“I was able to see a technique that I hadn’t yet seen at any of my observations or at my school.”
This is a continuation of a series with our newest associate editor, Shayla Johnson, who is currently enrolled in a perfusion program. I asked her to join the editorial team because she reflects the passion and excitement that every perfusionist has- or otherwise they wouldn’t do it.
I am impressed that as a perfusion student she has the initiative to share her thoughts and impressions with us regarding the process of learning the art of perfusion technology from her own unique perspective:
“I am a first year perfusion student.I follow your facebook and website to stay updated on perfusion news from all around the world, and I love it. I saw the posting about needing bloggers and wanted to find out if you were interested in a student blogger. Either way, thank you for the work put into the website, it was valuable as I prepared to apply for my program as well as throughout it.
The name of the series is as above- LPM: A Student’s Perspective. There is a slight play on the acronym as the L stands for Learning as opposed to a metric for Q.
As we all know- regardless of experience level- we all learn minute by minute.
Shayla Johnson, Associate Editor
First Week of Rotations
With the start of a new quarter, and the beginning of my second year of perfusion school, I’ve entered the clinical rotation portion of my learning. It has been exciting, slightly intimidating, but very informative. My first site is my away site, so I’m in a new town and different house. It’s been years since I’ve felt like I “left” home for school. In a way, it makes the experience feel all the more genuine; a chance to go away to learn and completely focus on perfusion. Of course, that’s not so say that I don’t miss home!
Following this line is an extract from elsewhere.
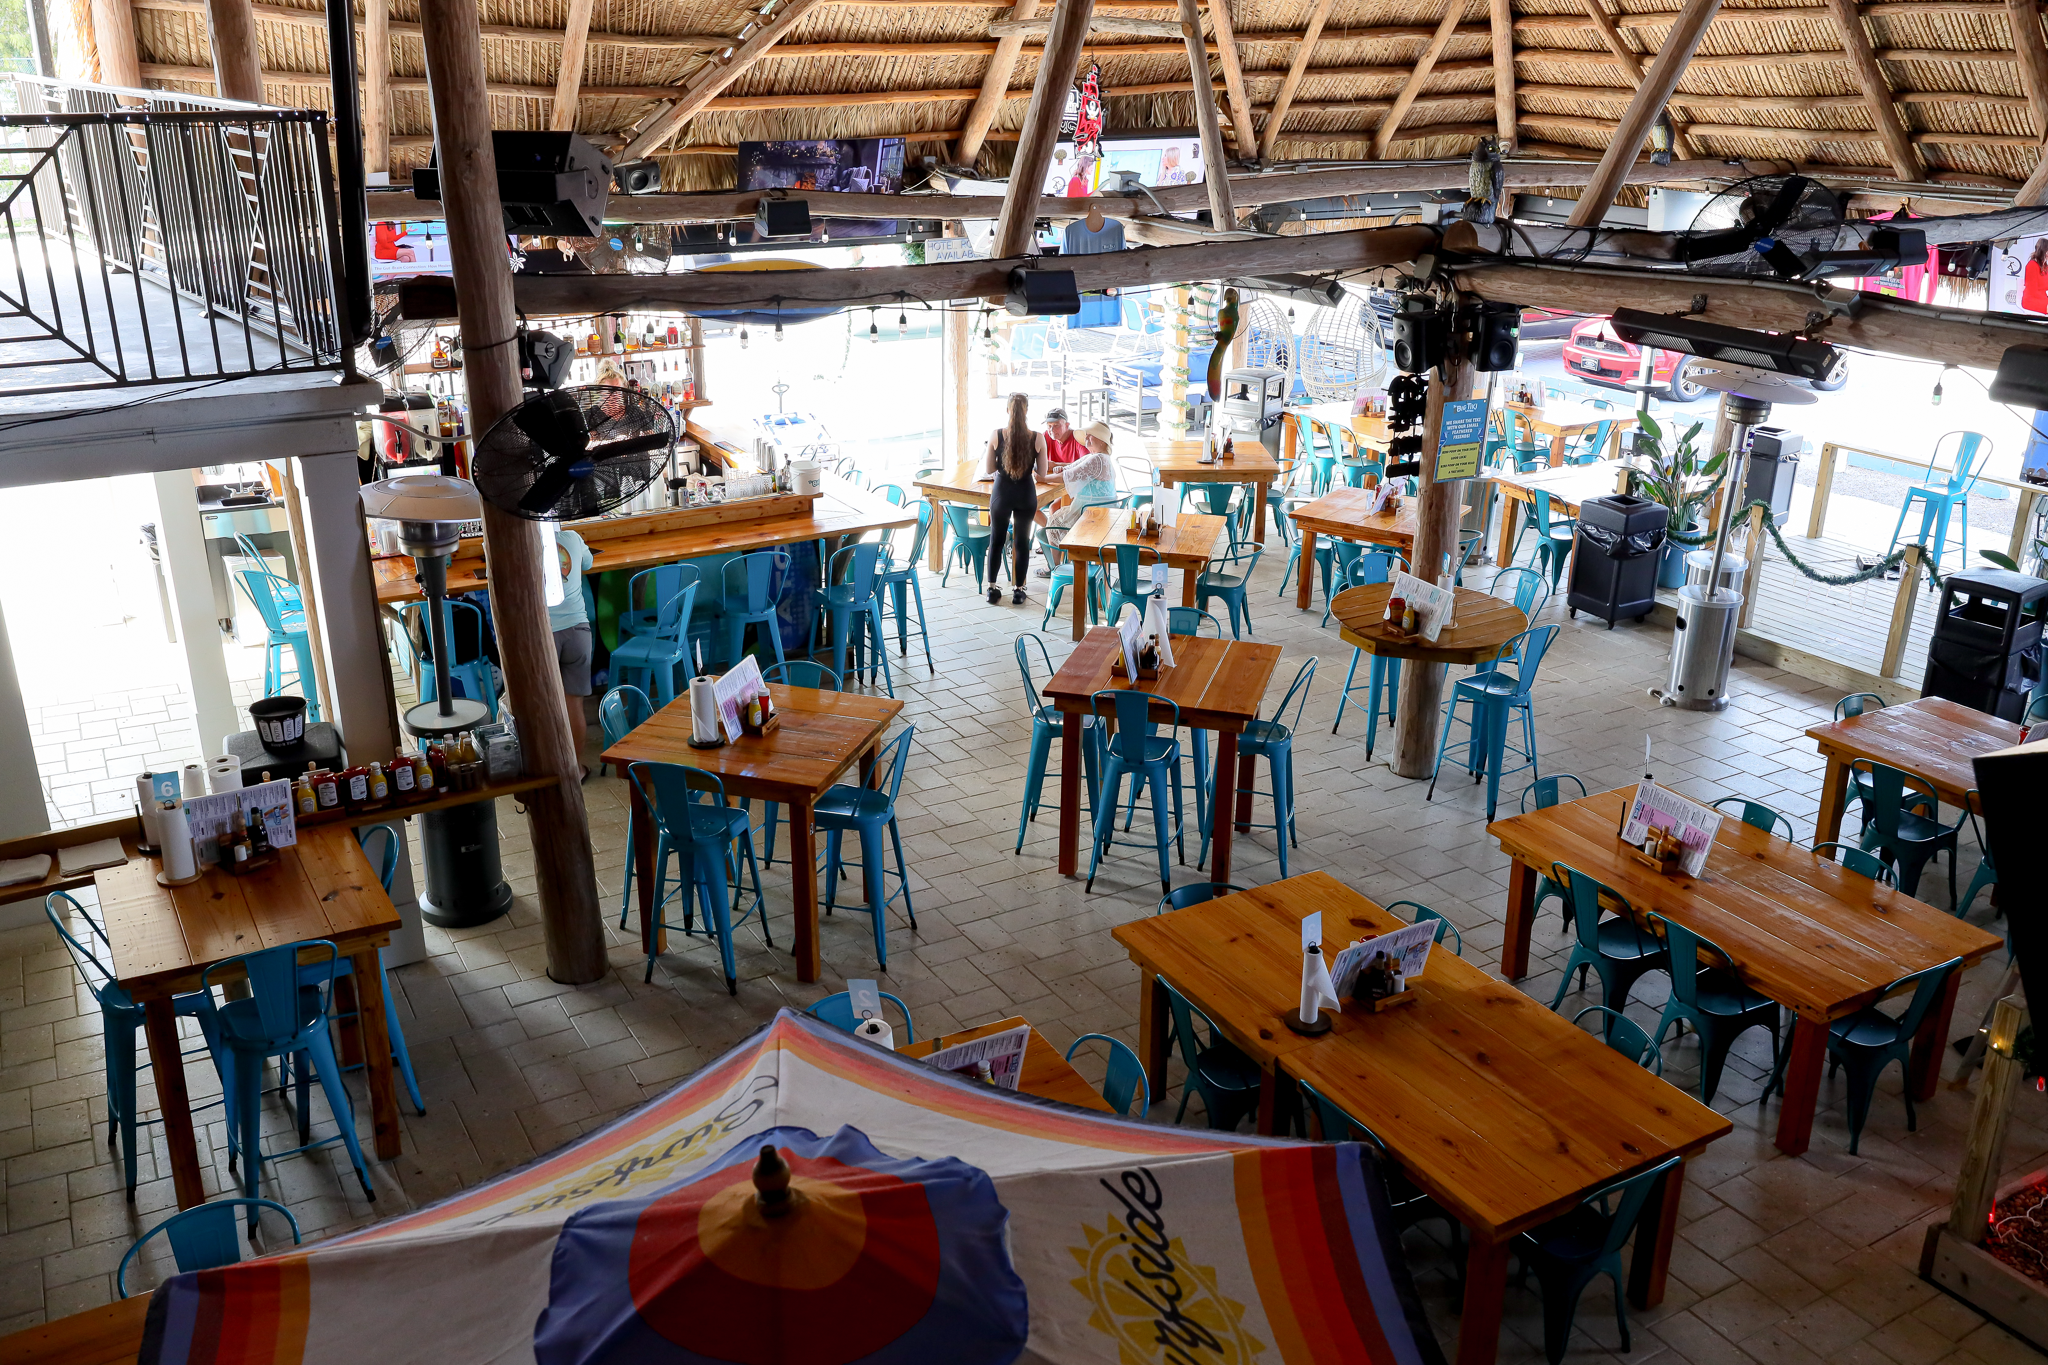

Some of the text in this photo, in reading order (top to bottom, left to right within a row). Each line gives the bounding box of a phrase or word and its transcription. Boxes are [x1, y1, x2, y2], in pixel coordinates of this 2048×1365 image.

[928, 242, 958, 252] HOTEL
[1156, 570, 1164, 582] 8
[160, 781, 174, 797] 6
One week down, and nine more to go.
The first week was more of an orientation week, and a chance to get acclimated to a new hospital. The instruments they use are different from ones used at my school; almost nothing was the same. It didn’t take long to learn the instrumentation for running ACT’s, blood gases, and glucose levels. The good part about rotating at several different sites is that we get exposed to a variety of instruments and ways of doing things. The pumps used at my site are also different, which takes some getting used to. My site uses a reservoir that has dual chambers which I found very interesting and had never seen before.
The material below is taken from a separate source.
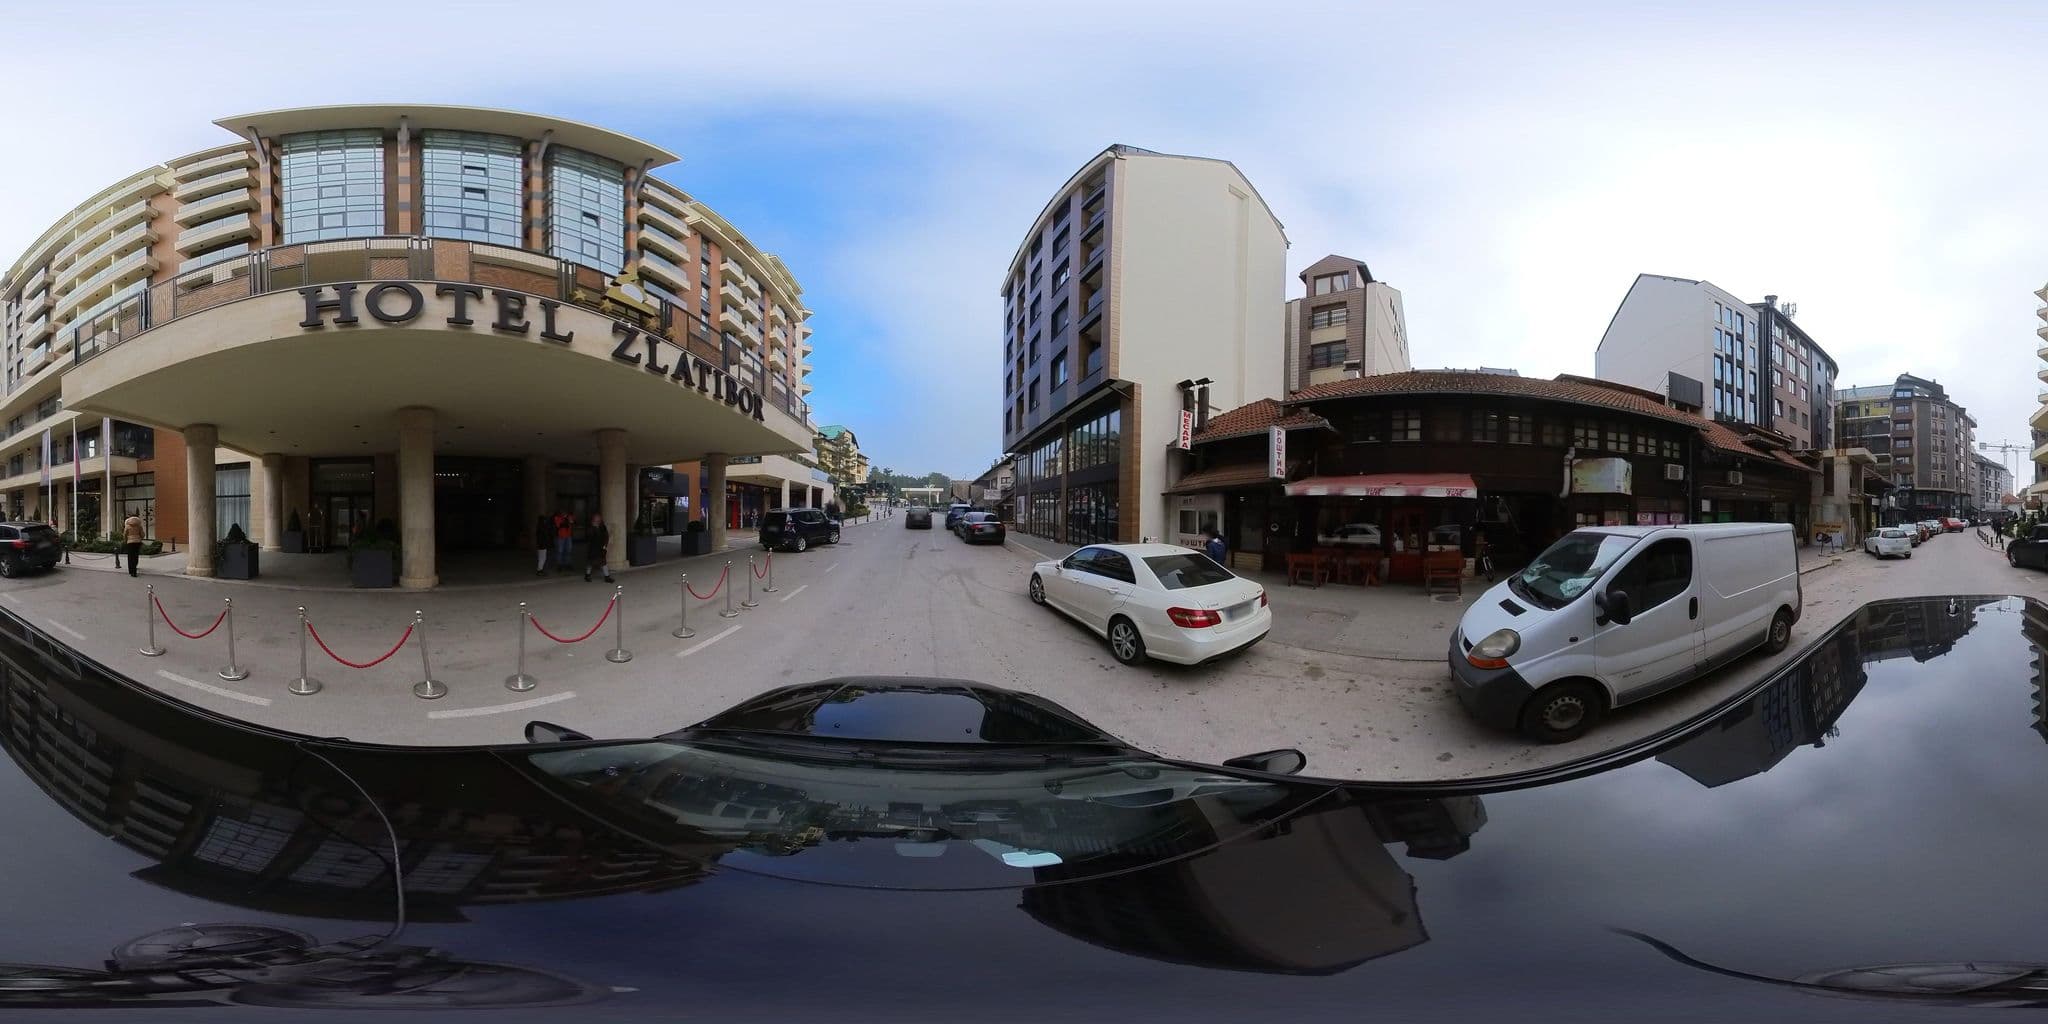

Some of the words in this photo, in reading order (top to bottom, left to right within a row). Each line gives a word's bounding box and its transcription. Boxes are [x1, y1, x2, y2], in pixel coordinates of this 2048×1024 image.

[299, 282, 574, 343] HOTEL
[612, 321, 766, 421] ZLATIBOR
[1182, 411, 1192, 449] МЕСАРА
[1276, 430, 1285, 476] РОШТИЉ
My first week consisted of learning several new instruments, but the one I had not been previously exposed to first-hand was platelet-rich-plasma (PRP) collection. Whole blood is collected from the patient after the Swan-Ganz catheter is placed and then spun down in a centrifuge. Platelet poor plasma and red blood cells are separated from the platelet rich plasma. The PRP is used on the graft incision site as well the chest incision in order to promote healing.
In an effort to learn more about the application of PRP, I read a study by Serraino et al in which the use of PRP was compared to a control group and it was found that PRP significantly reduced both deep and superficial sternal wound infections in cardiac surgery. The procedure itself is relatively simple and not very time consuming. I am glad that I was able to see a technique that I hadn’t yet seen at any of my observations or at my school. While the first week was more about orientation to the hospital and getting acquainted with the equipment, I found that there was still lots to learn and I look forward to the rest of my time at this rotation site.
- Serraino, Giuseppe F, et al. “Platelet-rich plasma inside the sternotomy wound reduces the incidence of sternal wound infections.” International wound journal 12.3 (2015):260-4. Web.